China Puts Prominent Activist on Trial
ASIA

China Puts Prominent Activist on Trial

China, dissident, Xu Zhiyong, trial, human rights watch, HRW

Supporters of Xu Zhiyong, one of China’s most prominent rights advocates, shout slogans near a court where Xu’s trial is being held, in Beijing Jan. 22, 2014. (Photo: Reuters)

BEIJING — When dozens of activists unfurled banners across the country last March and April calling for officials to disclose their assets, they did so at the urging of one of China’s most prominent rights advocates, Xu Zhiyong.

Through his online essays and Twitter account, Xu criticized the government’s efforts at fighting corruption and prescribed democracy and the rule of law as the solution. “When more than 90 percent of the officials are corrupt, who will counter who? The social movement of asset disclosure is an effort for gradual change to the system.”

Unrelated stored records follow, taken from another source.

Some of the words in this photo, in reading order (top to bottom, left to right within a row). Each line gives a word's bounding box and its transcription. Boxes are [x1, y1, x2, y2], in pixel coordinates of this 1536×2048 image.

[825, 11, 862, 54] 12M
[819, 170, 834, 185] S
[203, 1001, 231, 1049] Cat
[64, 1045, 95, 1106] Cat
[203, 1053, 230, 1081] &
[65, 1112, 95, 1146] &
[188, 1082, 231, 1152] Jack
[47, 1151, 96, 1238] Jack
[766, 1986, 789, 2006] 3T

Xu, 40, stands trial on Wednesday on a charge of “gathering a crowd to disturb public order” punishable by up to five years in prison. His case will almost certainly spark fresh criticism from Western governments over Beijing’s crackdown on dissent.

The government has waged a 10-month drive against Xu’s “New Citizens’ Movement,” which advocates working within the system to press for change. The campaign against the movement exposes shortcomings in Beijing’s bid to root out corruption, even as the authorities claim greater transparency.

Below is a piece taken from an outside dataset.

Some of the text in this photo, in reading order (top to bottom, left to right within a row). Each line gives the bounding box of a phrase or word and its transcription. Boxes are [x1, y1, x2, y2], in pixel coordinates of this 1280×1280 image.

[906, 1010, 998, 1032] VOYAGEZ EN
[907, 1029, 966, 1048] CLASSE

China has detained at least 20 activists involved in pressing for asset disclosure, though not all are from the New Citizens’ Movement. Six will stand trial in Beijing and the southern city of Guangzhou on Thursday and Friday.

Three stood trial in December and face more than 10 years in prison if convicted.

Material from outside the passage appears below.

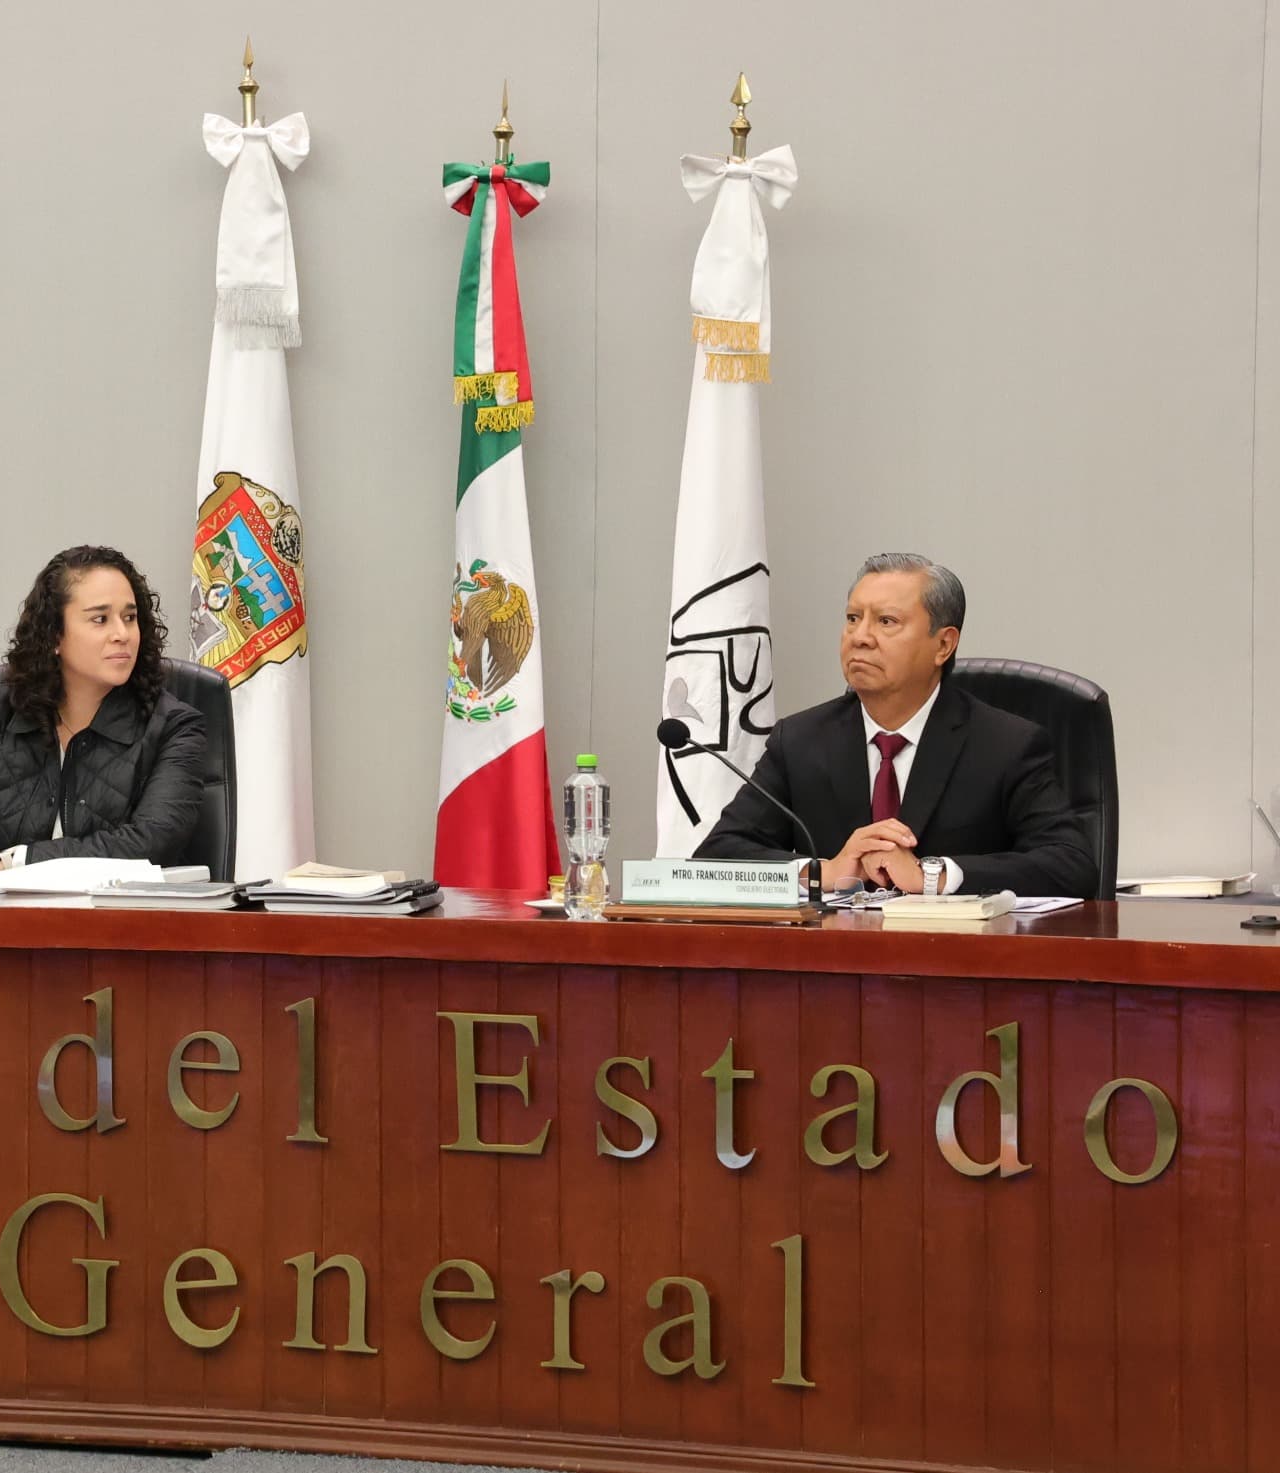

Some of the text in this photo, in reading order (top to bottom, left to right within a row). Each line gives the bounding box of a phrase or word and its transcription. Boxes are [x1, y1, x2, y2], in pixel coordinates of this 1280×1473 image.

[672, 869, 789, 883] MTRO. FRANCISCO BELLO CORONA
[37, 986, 329, 1143] del
[436, 1011, 1178, 1184] Estado

“The Communist Party does not accept pressure, the party does not accept challenges,” said Chen Min, a writer and friend of Xu’s. “Anything that the party can’t control, independent and non-governmental forces—no matter how gentle the force—it has to combat.”

Friends of Xu, whose wife gave birth last week, say he remains unafraid. In a video-taped message from a detention center issued last August, Xu, wearing handcuffs and an orange vest, urged the Chinese people to fight for their rights.

Xu’s case will be China’s highest-profile dissident trial since 2009, when Nobel Peace Prize Laureate Liu Xiaobo went on trial for subversion after he helped organize the “Charter 08” petition urging the overthrow of one-party rule. Liu was jailed for 11 years.

Dissidents Warned

Xu’s trial is expected to draw many supporters. Hu Jia, a prominent dissident, said state security officers told him and five other activists not to leave their homes.

Rights groups have criticized the crackdown on anti-corruption activists and called for Xu’s release.

“I think this crackdown on him and other activists who have been associated with the New Citizens Movement is really a very hypocritical step of the government itself that says its goal is to crackdown on corruption,” Roseann Rife, head of Amnesty International’s East Asia department, told Reuters in Hong Kong.

US-based Human Rights Watch, in a statement linked to its annual report issued on the eve of the trial, said China had “yet to embark on fundamental reforms that adequately respond to the public’s increased demands for justice and accountability.”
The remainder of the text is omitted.